• Directions for this task: In full and without edits, write out the data that follows.

• The records:
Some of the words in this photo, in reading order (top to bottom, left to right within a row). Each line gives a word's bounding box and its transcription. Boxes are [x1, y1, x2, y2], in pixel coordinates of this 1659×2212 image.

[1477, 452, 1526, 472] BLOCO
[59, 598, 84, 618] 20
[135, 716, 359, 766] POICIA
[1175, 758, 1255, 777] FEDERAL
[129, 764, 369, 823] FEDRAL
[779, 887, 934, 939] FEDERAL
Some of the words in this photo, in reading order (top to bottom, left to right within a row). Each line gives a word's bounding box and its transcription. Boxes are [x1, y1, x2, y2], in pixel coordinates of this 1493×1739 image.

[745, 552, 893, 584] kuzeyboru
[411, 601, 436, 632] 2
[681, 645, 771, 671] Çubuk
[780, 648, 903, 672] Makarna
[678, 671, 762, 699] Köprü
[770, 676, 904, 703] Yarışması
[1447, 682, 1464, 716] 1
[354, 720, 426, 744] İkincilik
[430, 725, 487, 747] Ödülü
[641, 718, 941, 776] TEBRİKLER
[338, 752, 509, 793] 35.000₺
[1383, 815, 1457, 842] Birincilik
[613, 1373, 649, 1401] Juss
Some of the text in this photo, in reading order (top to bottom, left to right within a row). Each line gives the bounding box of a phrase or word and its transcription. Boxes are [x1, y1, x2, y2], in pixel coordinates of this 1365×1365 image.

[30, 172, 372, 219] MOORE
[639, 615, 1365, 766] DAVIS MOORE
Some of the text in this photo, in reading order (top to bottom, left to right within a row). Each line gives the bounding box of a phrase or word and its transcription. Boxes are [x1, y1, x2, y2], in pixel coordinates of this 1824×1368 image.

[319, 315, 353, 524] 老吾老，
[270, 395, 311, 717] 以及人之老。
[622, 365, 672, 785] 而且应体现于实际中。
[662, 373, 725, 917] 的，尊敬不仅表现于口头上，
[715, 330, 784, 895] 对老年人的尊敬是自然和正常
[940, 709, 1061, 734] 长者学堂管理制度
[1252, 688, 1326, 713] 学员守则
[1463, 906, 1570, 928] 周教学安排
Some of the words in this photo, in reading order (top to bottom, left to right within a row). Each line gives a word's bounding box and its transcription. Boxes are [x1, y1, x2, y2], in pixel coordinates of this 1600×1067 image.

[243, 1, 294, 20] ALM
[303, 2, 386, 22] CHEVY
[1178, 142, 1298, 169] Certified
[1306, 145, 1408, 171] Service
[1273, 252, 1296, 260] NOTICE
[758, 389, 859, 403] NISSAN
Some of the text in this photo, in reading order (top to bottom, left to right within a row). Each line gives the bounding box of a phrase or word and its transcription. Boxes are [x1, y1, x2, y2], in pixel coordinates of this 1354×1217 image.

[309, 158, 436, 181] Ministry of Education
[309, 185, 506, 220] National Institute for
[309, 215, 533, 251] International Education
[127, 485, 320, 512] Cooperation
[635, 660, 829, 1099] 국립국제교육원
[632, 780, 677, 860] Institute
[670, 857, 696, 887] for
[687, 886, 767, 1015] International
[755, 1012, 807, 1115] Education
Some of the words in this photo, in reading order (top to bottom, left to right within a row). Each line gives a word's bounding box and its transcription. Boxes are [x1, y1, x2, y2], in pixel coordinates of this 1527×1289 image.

• Written reply:
Some of the words in this photo, in reading order (top to bottom, left to right within a row). Each line gives a word's bounding box and its transcription. Boxes are [x1, y1, x2, y2], in pixel coordinates of this 1659×2212 image.

[1477, 452, 1526, 472] BLOCO
[59, 598, 84, 618] 20
[135, 716, 359, 766] POICIA
[1175, 758, 1255, 777] FEDERAL
[129, 764, 369, 823] FEDRAL
[779, 887, 934, 939] FEDERAL
Some of the words in this photo, in reading order (top to bottom, left to right within a row). Each line gives a word's bounding box and its transcription. Boxes are [x1, y1, x2, y2], in pixel coordinates of this 1493×1739 image.

[745, 552, 893, 584] kuzeyboru
[411, 601, 436, 632] 2
[681, 645, 771, 671] Çubuk
[780, 648, 903, 672] Makarna
[678, 671, 762, 699] Köprü
[770, 676, 904, 703] Yarışması
[1447, 682, 1464, 716] 1
[354, 720, 426, 744] İkincilik
[430, 725, 487, 747] Ödülü
[641, 718, 941, 776] TEBRİKLER
[338, 752, 509, 793] 35.000₺
[1383, 815, 1457, 842] Birincilik
[613, 1373, 649, 1401] Juss
Some of the text in this photo, in reading order (top to bottom, left to right within a row). Each line gives the bounding box of a phrase or word and its transcription. Boxes are [x1, y1, x2, y2], in pixel coordinates of this 1365×1365 image.

[30, 172, 372, 219] MOORE
[639, 615, 1365, 766] DAVIS MOORE
Some of the text in this photo, in reading order (top to bottom, left to right within a row). Each line gives the bounding box of a phrase or word and its transcription. Boxes are [x1, y1, x2, y2], in pixel coordinates of this 1824×1368 image.

[319, 315, 353, 524] 老吾老，
[270, 395, 311, 717] 以及人之老。
[622, 365, 672, 785] 而且应体现于实际中。
[662, 373, 725, 917] 的，尊敬不仅表现于口头上，
[715, 330, 784, 895] 对老年人的尊敬是自然和正常
[940, 709, 1061, 734] 长者学堂管理制度
[1252, 688, 1326, 713] 学员守则
[1463, 906, 1570, 928] 周教学安排
Some of the words in this photo, in reading order (top to bottom, left to right within a row). Each line gives a word's bounding box and its transcription. Boxes are [x1, y1, x2, y2], in pixel coordinates of this 1600×1067 image.

[243, 1, 294, 20] ALM
[303, 2, 386, 22] CHEVY
[1178, 142, 1298, 169] Certified
[1306, 145, 1408, 171] Service
[1273, 252, 1296, 260] NOTICE
[758, 389, 859, 403] NISSAN
Some of the text in this photo, in reading order (top to bottom, left to right within a row). Each line gives the bounding box of a phrase or word and its transcription. Boxes are [x1, y1, x2, y2], in pixel coordinates of this 1354×1217 image.

[309, 158, 436, 181] Ministry of Education
[309, 185, 506, 220] National Institute for
[309, 215, 533, 251] International Education
[127, 485, 320, 512] Cooperation
[635, 660, 829, 1099] 국립국제교육원
[632, 780, 677, 860] Institute
[670, 857, 696, 887] for
[687, 886, 767, 1015] International
[755, 1012, 807, 1115] Education
Some of the words in this photo, in reading order (top to bottom, left to right within a row). Each line gives a word's bounding box and its transcription. Boxes are [x1, y1, x2, y2], in pixel coordinates of this 1527×1289 image.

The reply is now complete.